The Impact of PTFE in Medical
Plastics such as PTFE flood the medical industry daily. Examining PTFE’s past and present guides us towards its sustainable future.
The medical industry utilizes plastics every second of each day, from catheters and medical packaging to medical devices. One such plastic is pertinent in today’s medical arena and has made an impact for decades. Polytetrafluoroethylene, commonly known as PTFE, is a polymer with a repeating unit structure derived from the monomer tetrafluoroethylene (TFE), a fluorocarbon compound. PTFE has plenty of benefits, such as chemical inertness and thermal stability. As with many synthetic compounds, PTFE has disadvantages as well. We should start from the historical beginning to understand PTFE’s values and dilemmas.
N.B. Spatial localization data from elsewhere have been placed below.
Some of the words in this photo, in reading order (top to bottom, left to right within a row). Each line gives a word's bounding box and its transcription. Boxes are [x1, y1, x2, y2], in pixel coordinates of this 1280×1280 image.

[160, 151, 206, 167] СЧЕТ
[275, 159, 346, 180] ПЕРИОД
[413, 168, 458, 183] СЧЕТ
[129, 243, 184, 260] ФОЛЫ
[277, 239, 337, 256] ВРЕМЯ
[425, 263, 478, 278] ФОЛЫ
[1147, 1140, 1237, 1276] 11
You can also read: Fluoropolymers Explained
PTFE’s Historical Past
Science’s history is filled with chance discoveries that impact our lives for years. PTFE is a prime example of this reality. PTFE’s beginnings go back to 1938, when Research Scientist Dr. Roy J. Plunkett stumbled upon PTFE in the E.I. du Pont de Nemours and Company laboratory, now known as DuPont. Dr. Plunkett discovered that TFE gas had polymerized into a solid, which he identified as PTFE. During the polymerization process, the double-bonded carbon atoms of TFE are broken, and the monomers link together in a long chain. This long polymer chain hit the market as Teflon. Since the trademarking of Teflon in 1945 by Kinetic Chemicals, a DuPont partnership with General Motors, the production of PTFE has skyrocketed. By the 1960s, PTFE applications had expanded significantly, with the medical industry using PTFE for implants and surgical tools due to its biocompatibility. PTFE’s revolutionary discovery in the 1930s and subsequent commercialization have advanced the compound from a novel polymer into a crucial material with many applications.
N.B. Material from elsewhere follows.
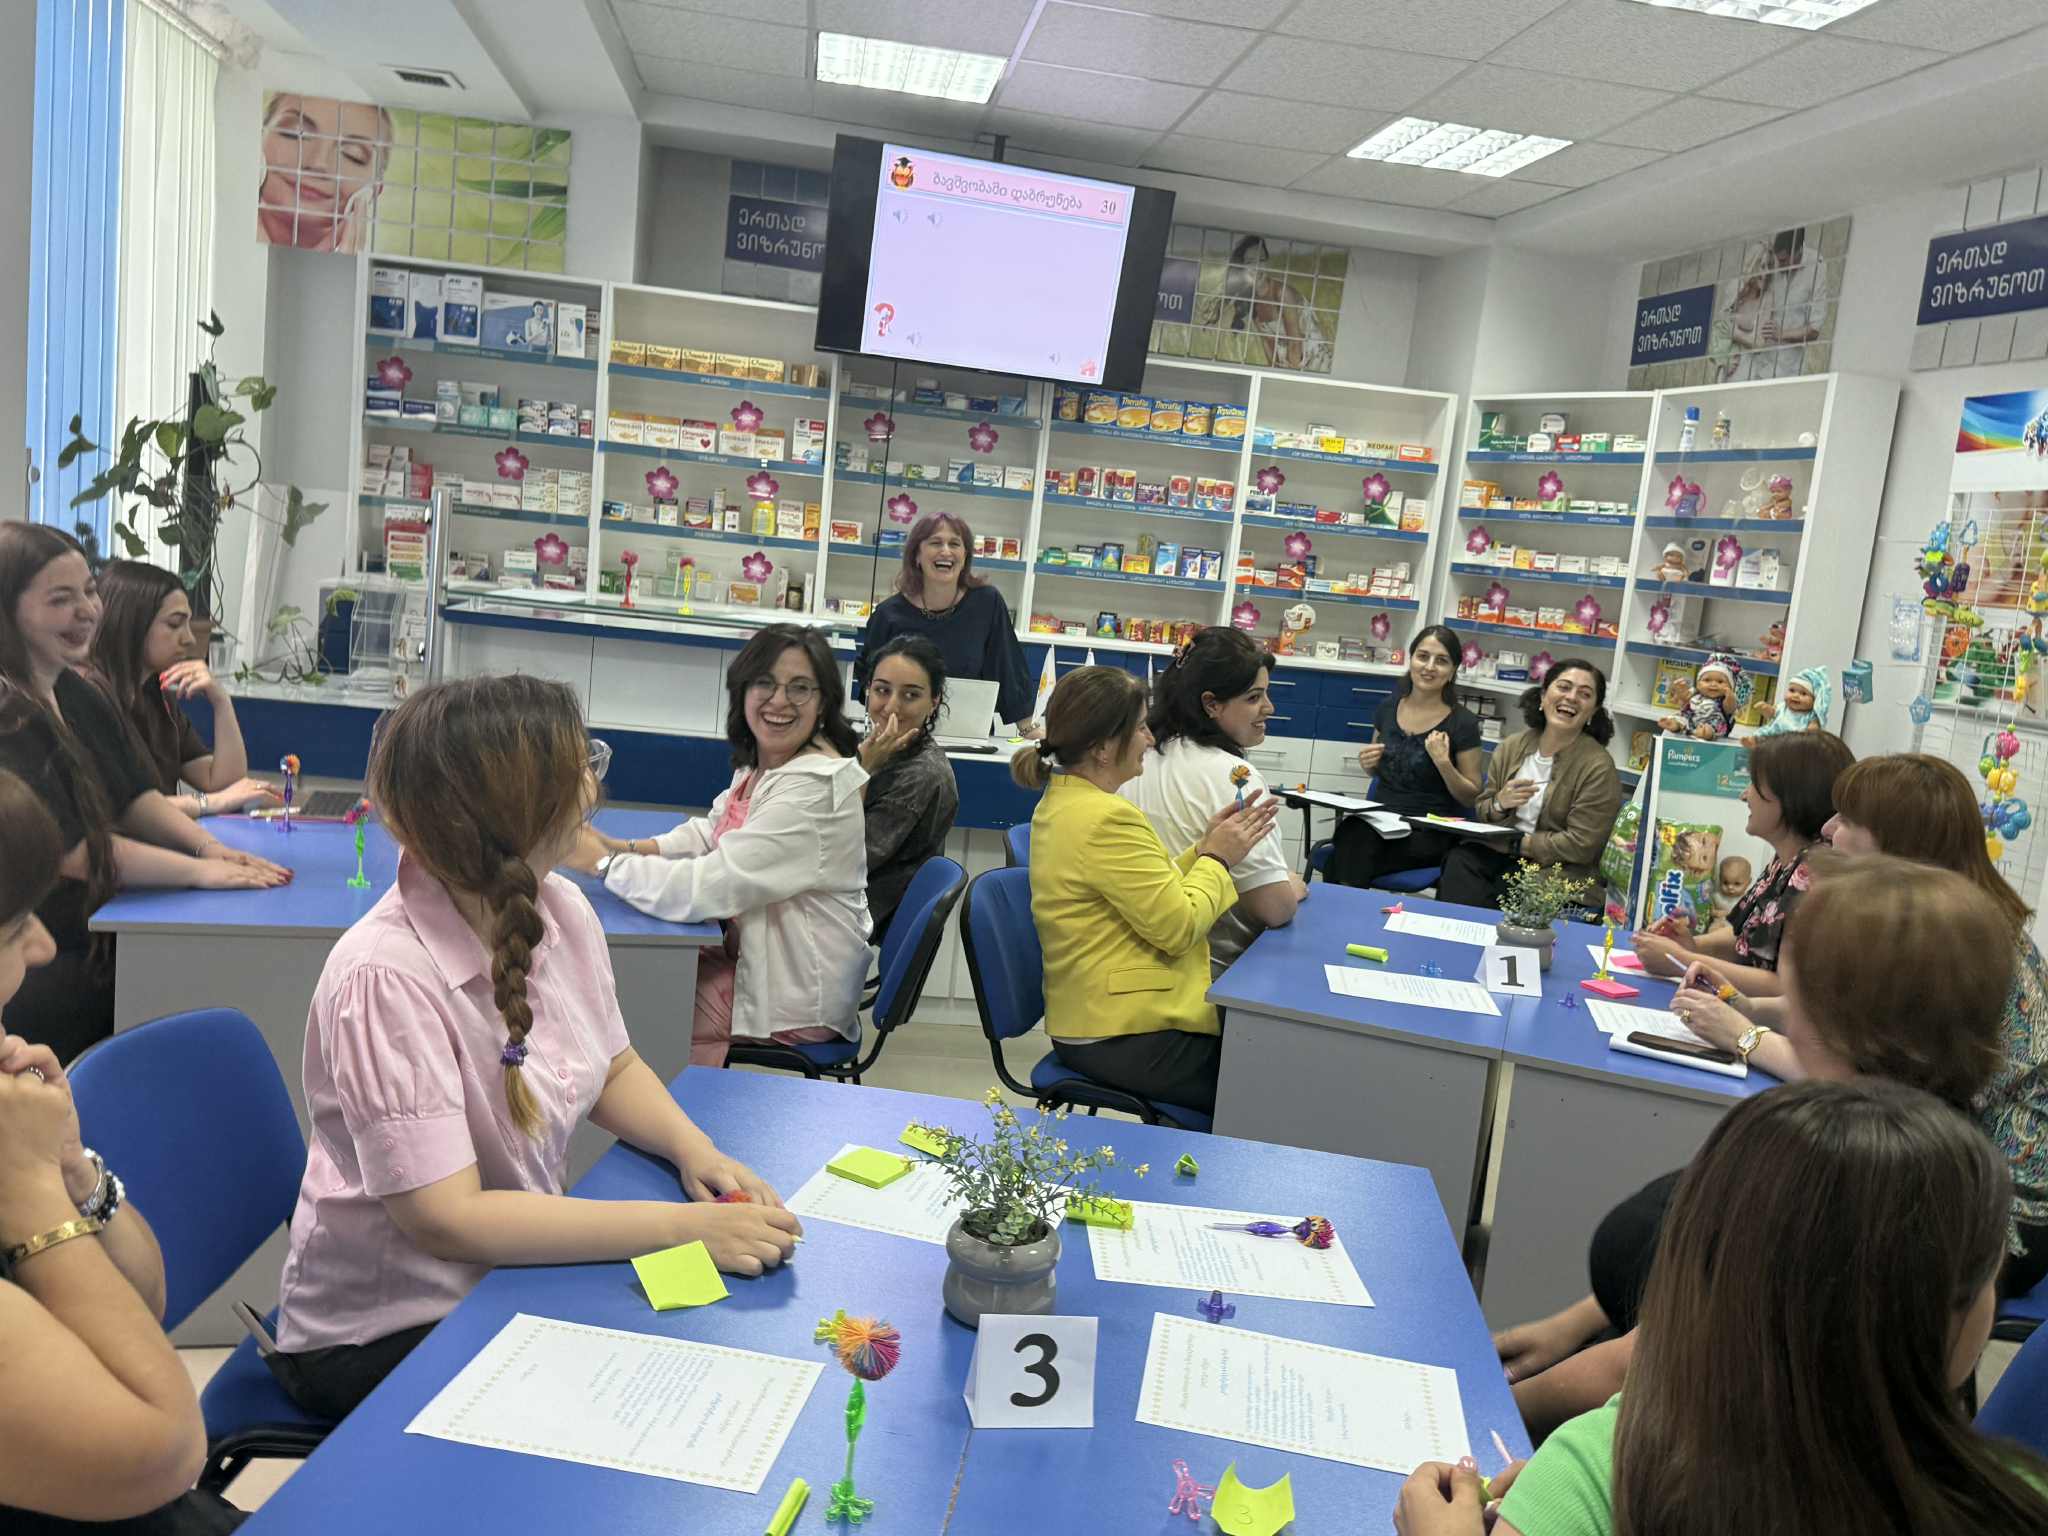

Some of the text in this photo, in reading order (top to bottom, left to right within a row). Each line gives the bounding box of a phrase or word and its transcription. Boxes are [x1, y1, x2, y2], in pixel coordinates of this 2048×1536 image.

PTFE in The Medical Industry Today
It is evident that the medical industry relies on PTFE daily. Companies such as Solvay supply PTFE to the medical device industry, and companies like Boston Scientific use the raw material to manufacture pacemakers, stents, and scopes. Additionally, PTFE is used in surgical graft material, wound dressings, syringe filters, and catheter coating. It is used in medical devices like forceps and scalpels and medical analysis instruments such as mass spectrometers. Further, modern developments such as nano PTFE and ePTFE, increase PTFE’s performance by expanding upon its benefits. Benefits including nonreactivity, hydrophobicity, and insulation properties make PTFE a versatile option for many medical applications and specialties. With developments and benefits like these, it’s no surprise that PTFE has wide use and value in today’s medical industry. PTFE has come a long way since the days
of Dr. Plunkett. For now, PTFE is ready to evolve further, with improvements aimed at advancing its functionalities and increasing its sustainability.
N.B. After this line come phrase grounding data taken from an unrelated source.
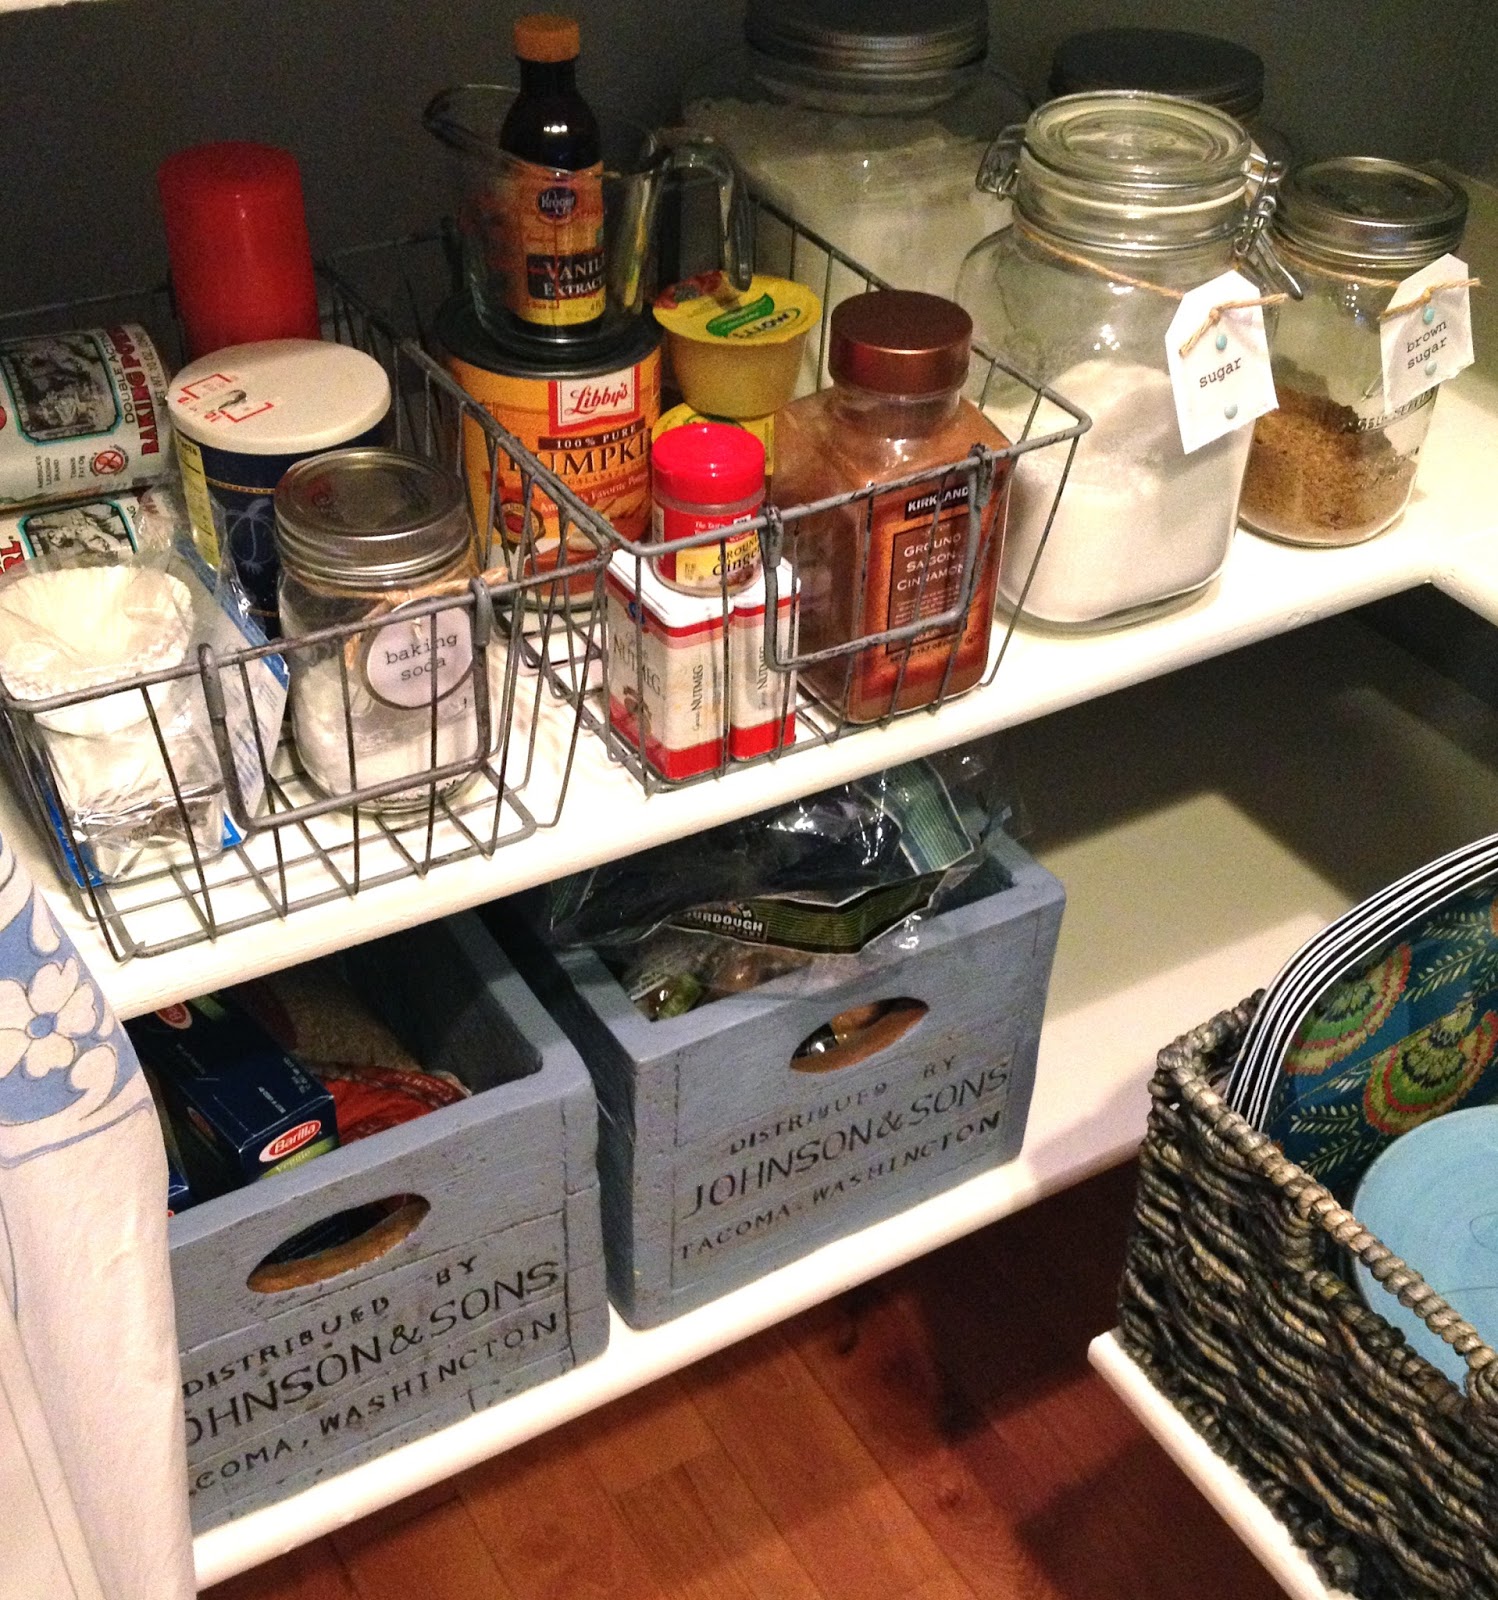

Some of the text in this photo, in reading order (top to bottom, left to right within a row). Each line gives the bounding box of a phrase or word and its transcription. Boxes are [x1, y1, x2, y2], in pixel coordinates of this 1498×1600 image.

[1406, 320, 1447, 353] brown
[1406, 338, 1448, 369] sugar
[1199, 357, 1242, 388] sugar
[124, 371, 159, 456] BAKING
[564, 382, 628, 415] Libby's
[556, 423, 637, 450] 100% PURE
[907, 487, 969, 512] KIRKAND
[906, 551, 956, 573] SAGON
[385, 633, 459, 666] baking
[690, 664, 704, 712] NUTMEG
[683, 908, 764, 933] URDOUGH
[274, 1124, 316, 1154] Barilla
[436, 1254, 478, 1287] BY
[184, 1260, 561, 1447] OHNSON&SONS
[188, 1438, 309, 1497] COMA,
PTFE’s Future in the Medical Industry
Enhanced patient outcomes through PTFE’s durability, biocompatibility, and versatility are of great benefit. With benefits come burdens and the dilemmas and setbacks of PTFE are no exception. PTFE is resistant to degradation, meaning recycling this polymer is difficult. Future developments may focus on creating methods for recycling PTFE and utilizing sustainable alternatives such as silicone, PHAs and PLA. Additionally, the use of toxic synthetic PFAS chemicals, PFOA, in the production of PTFE are of issue and have since been regulated. This regulation and the subsequent development of alternative production processes leads to newer and more refined products such as GenX. This new arrival has its share of issues as well, issues including toxicity, but may be a good start to a future of plastic products geared towards sustainability. PTFE’s place in the medical industry of tomorrow remains stagnant and uncertain. As advancements in polymer science and the legislation and regulation of PTFE continue, the medical industry will be required to stay current.